Спустя еще немного времени Бекка говорит, что можно смотреть. Все охают и ахают. Раздается три звонка – это сигнал, что ужин закончен; Дебби говорит, что сегодня надо отдать пульт Бекке.

Позднее вечером все смотрят в гостиной «Свою игру»[5], а я с кучей стирки в руках прячусь в нычке возле поста сотрудниц и жду, когда будет пусто. Мне приходится стирать через день, потому что мама дала мне с собой почти исключительно пижамы. Точнее, ночнушки. Новенькие, с цветочками и бантиками.

Я дожидаюсь, пока Рошель, дежурная по туалетам, уйдет с поста и займет свое место на оранжевом пластиковом стуле между туалетами и душевыми кабинками. Потом я чуть-чуть придвигаюсь к посту и жду, когда меня заметит Руби.

Кожа у Руби цвета индиго, а прическа похожа на старинный заварочный чайник. Но лучшее в Руби – это ее обувь: старомодные сестринские белые туфли. В отличие от остальных сотрудниц, которые одеваются так, будто идут в офис, или в торговый центр, или еще куда-то в этом роде, Руби носит толстые белые чулки и настоящие сестринские туфли. В мою первую ночь здесь единственным, что помогло мне заснуть, был скрип ее шагов по гладкому зеленому линолеуму, когда она делала обход. Не могу толком объяснить почему, но я доверяю этим туфлям.

Руби сидит и вяжет что-то розовое, может одеялко для младенца. Я наблюдаю, как ее узловатые руки летают над пряжей в такт с шуршанием и постукиванием спиц. Я гадаю, чем занимается Руби, когда она не в «Псих-ты». Может, она чья-то бабушка, может, чья-то соседка.

Увидев меня, она улыбается.

– Проводить тебя в прачечную? – говорит она.

Я не отвожу глаз от розовой штуки, выходящей из-под ее спиц.

– Ага, ладушки, – отвечает она сама себе. – Обожди секунду, хорошо? – Она не требует от меня ответа. – Хорошо, – говорит она.

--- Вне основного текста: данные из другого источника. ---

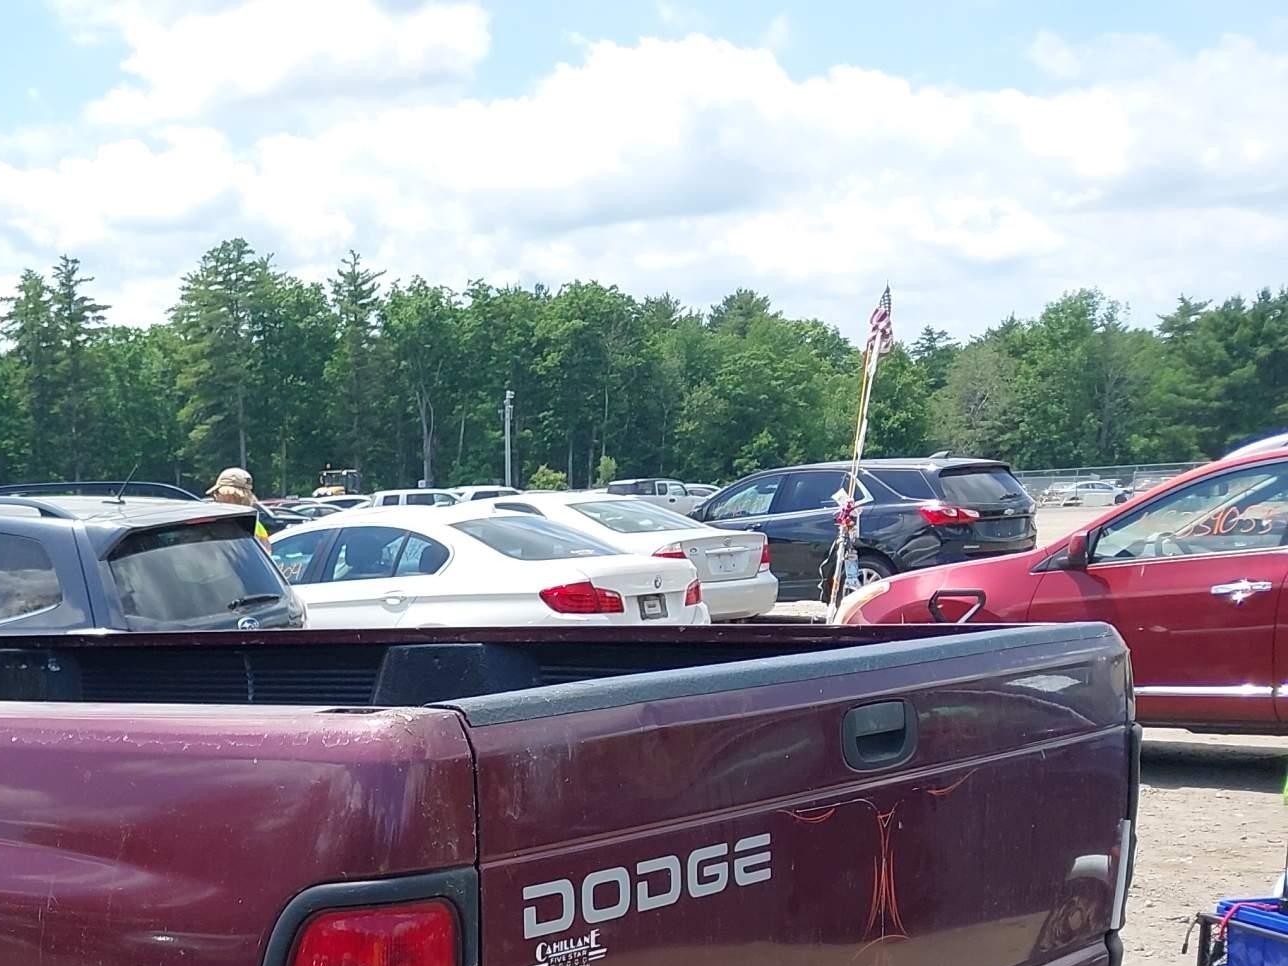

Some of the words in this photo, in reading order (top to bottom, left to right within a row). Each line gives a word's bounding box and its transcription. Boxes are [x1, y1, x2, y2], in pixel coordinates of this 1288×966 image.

Как и Сэм, Руби не рассчитывает на какие-нибудь слова от меня. Ей нормально говорить за нас обеих. Я прислоняюсь к стойке и наблюдаю, как она наматывает пряжу на палец и довязывает несколько петель. Потом она кладет вязанье на стол и поднимает свое невысокое плотное тело со стула. У нее звенят ключи, и она говорит:

– Ну вот, детка. Пойдем.

Я пытаюсь вычислить правильную дистанцию между мной и Руби, пока мы идем по коридору. Сначала я держусь стены. Но это как-то неправильно, и я придвигаюсь ближе, чтобы подравнять свой шаг с шагом Руби; натыкаюсь на нее и снова отхожу подальше. После этого опять держусь стены. Когда мы доходим до лестницы, Руби придерживает дверь, а потом, когда мы обе оказываемся снаружи, отпускает ее, и та захлопывается. Теперь мы в нашем личном маленьком мирке, тихом мирке лестницы, где исчезает весь шум жилого крыла – постоянная музыка, болтовня и голоса из телика. Она останавливается на мгновение и протягивает руку. В руке маленькая ириска типа тех, которые моя бабушка держала в вазочке у себя в гостиной.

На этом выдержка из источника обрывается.